Ich kenne solche Situationen leider auch. Im Normalfall versuche ich dann auch, wenigstens eine kleine Portion zu essen und nicht direkt nach dem ersten Bissen das Gesicht zu verziehen. Das wäre mir auch sehr unangenehm und ich kann mir vorstellen, dass das schnell als sehr kränkend und verletzten angesehen wird. Gerade dann, wenn die Speisen selbstgemacht sind und die andere Person stolz darauf ist, gibt man ja nicht gerne zu, dass sie einem gar nicht schmecken.
Ich versuche da also schon immer, ein wenig zu essen. Genau wie du spüle ich das dann auch ganz gerne mit Kaffee oder einem anderen Getränk hinunter. Wenn man dann ein bisschen gegessen hat, kann man ja immer noch ein paar Ausreden finden. Man kann sagen, dass man pappsatt ist, weil man vor kurzem erst ein Mittagessen hatte oder man sagt, dass die Torten zwar sehr lecker, aber doch sehr reichhaltig und mächtig sind.
Ich finde die Idee von Ramones auch gut, indem man den Gastgeber darum bittet, einem etwas für zu Hause einzupacken.
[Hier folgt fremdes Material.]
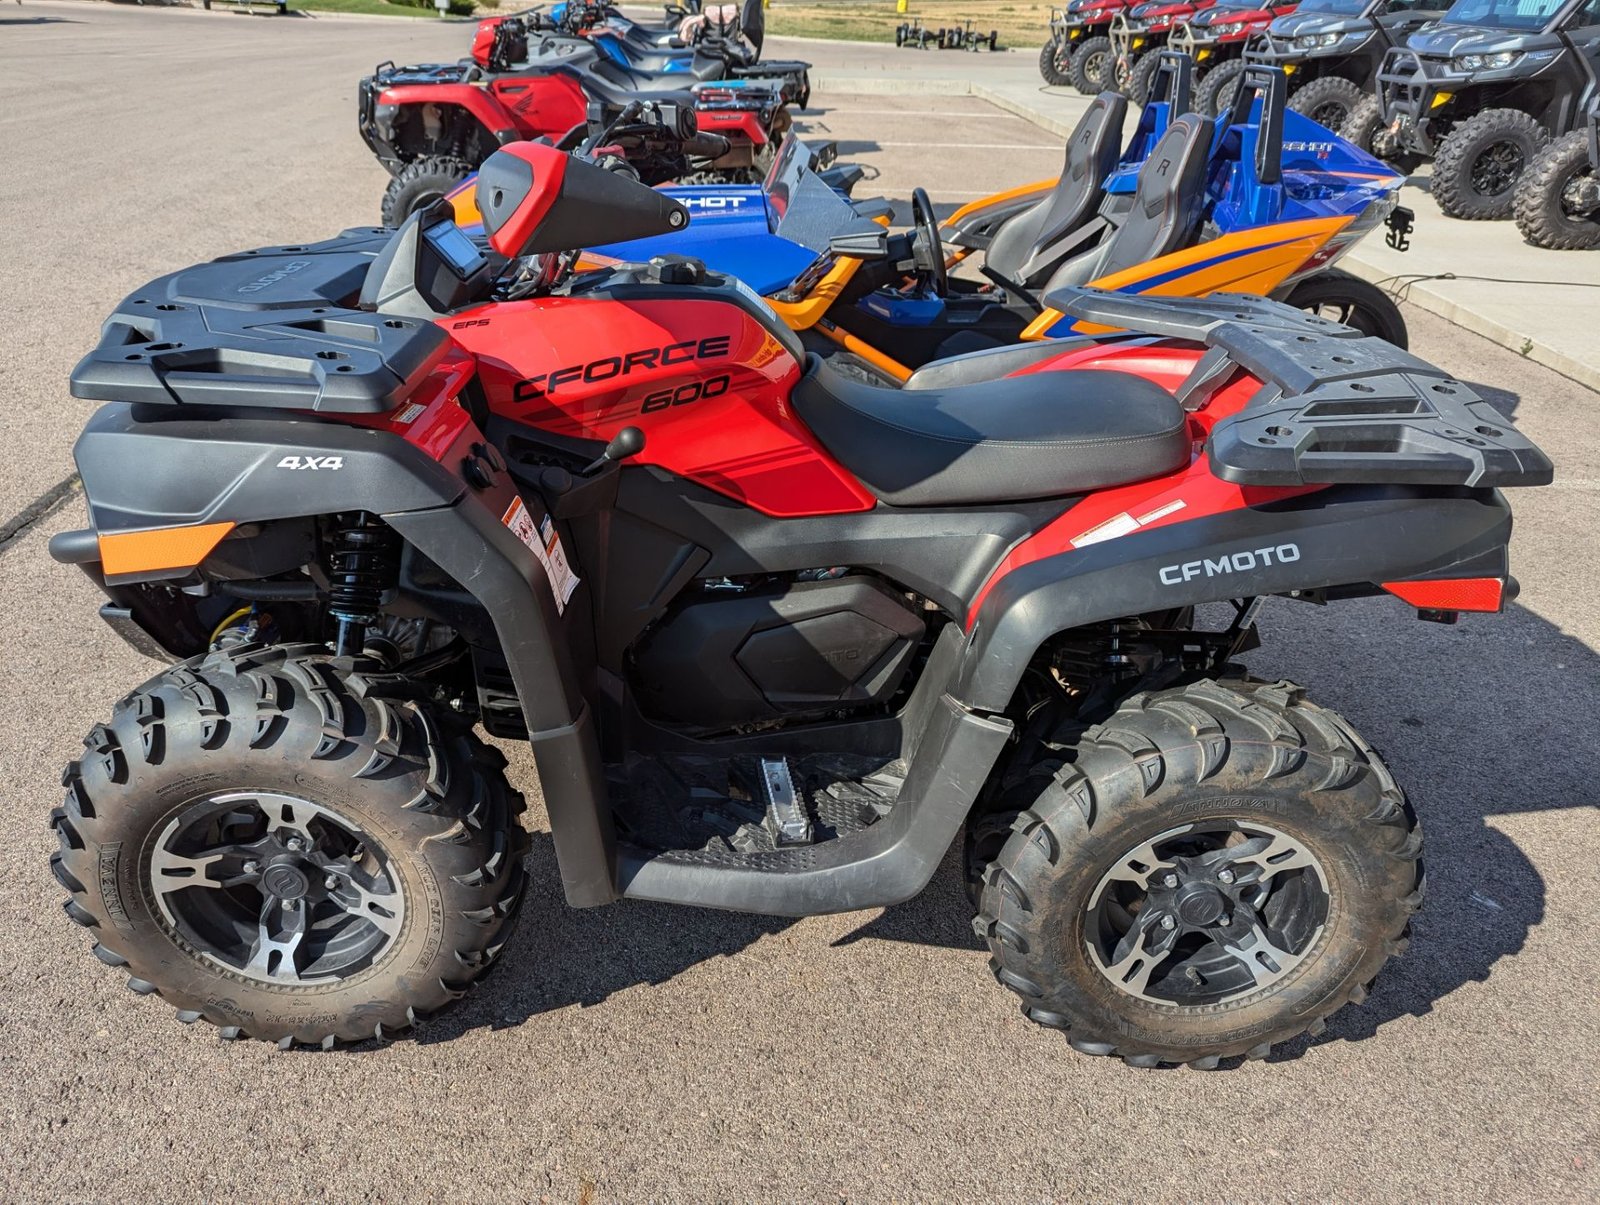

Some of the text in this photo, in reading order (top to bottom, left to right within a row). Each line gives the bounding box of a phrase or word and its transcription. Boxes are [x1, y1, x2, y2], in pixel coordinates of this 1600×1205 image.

[1157, 159, 1171, 176] R
[453, 319, 491, 330] EPS
[513, 336, 731, 404] CFORCE
[641, 375, 731, 414] 600
[276, 456, 343, 470] 4X4
[1159, 543, 1300, 585] CFMOTO
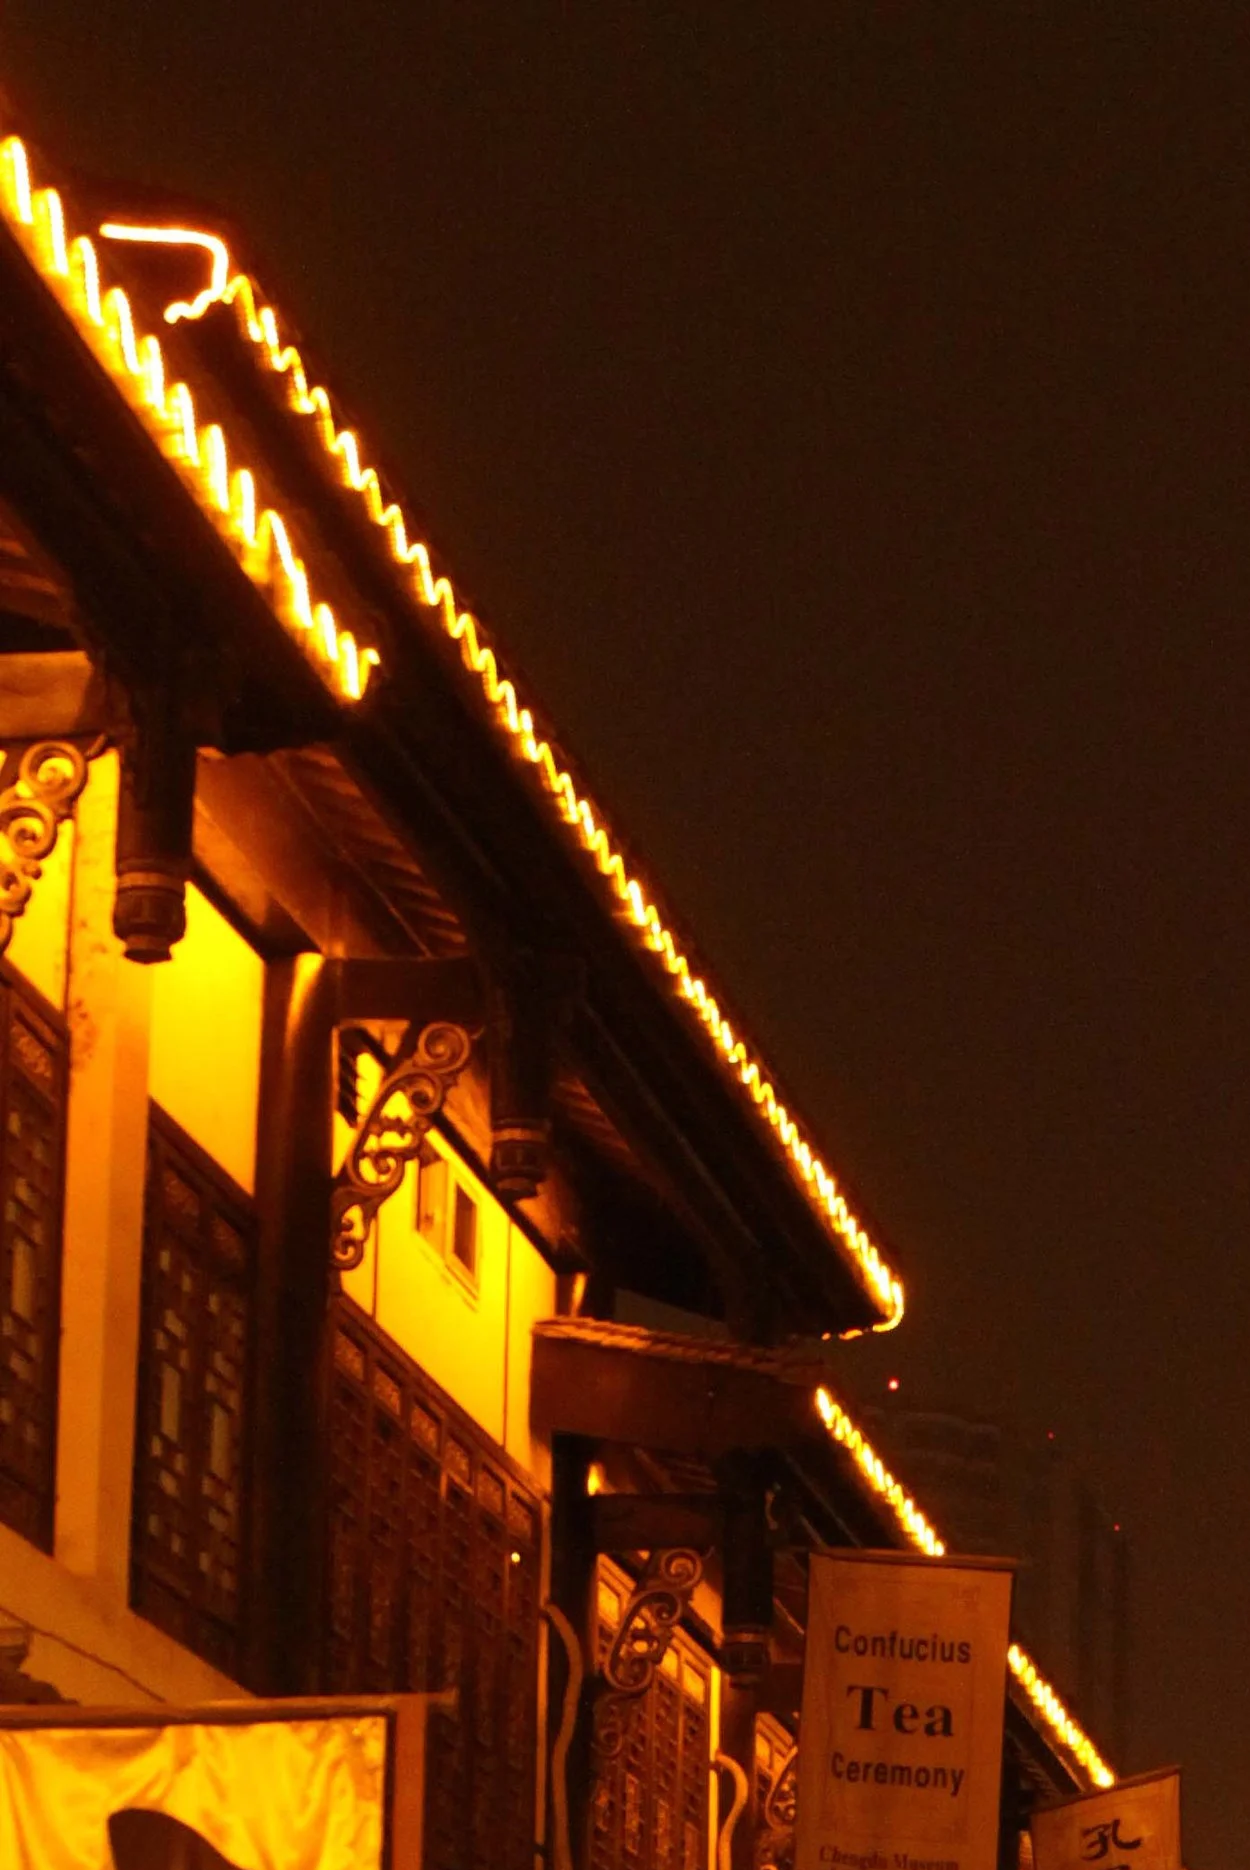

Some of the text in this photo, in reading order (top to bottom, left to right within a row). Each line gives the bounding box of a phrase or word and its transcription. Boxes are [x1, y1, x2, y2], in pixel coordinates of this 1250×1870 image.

Oft wird das ja auch ganz gerne gesehen und als Kompliment aufgefasst. Und vielleicht schmecken der Kuchen oder die Toten dem Partner dann auch tatsächlich, so dass das dann auch wirklich wegkommt. Natürlich sind das alles nur Ausreden und besonders fair ist das nicht, wobei ich da auch Hemmungen hätte, die Wahrheit auszusprechen und zu sagen, dass etwas völlig ungenießbar ist. Das gehört sich irgendwie auch nicht, wie ich finde.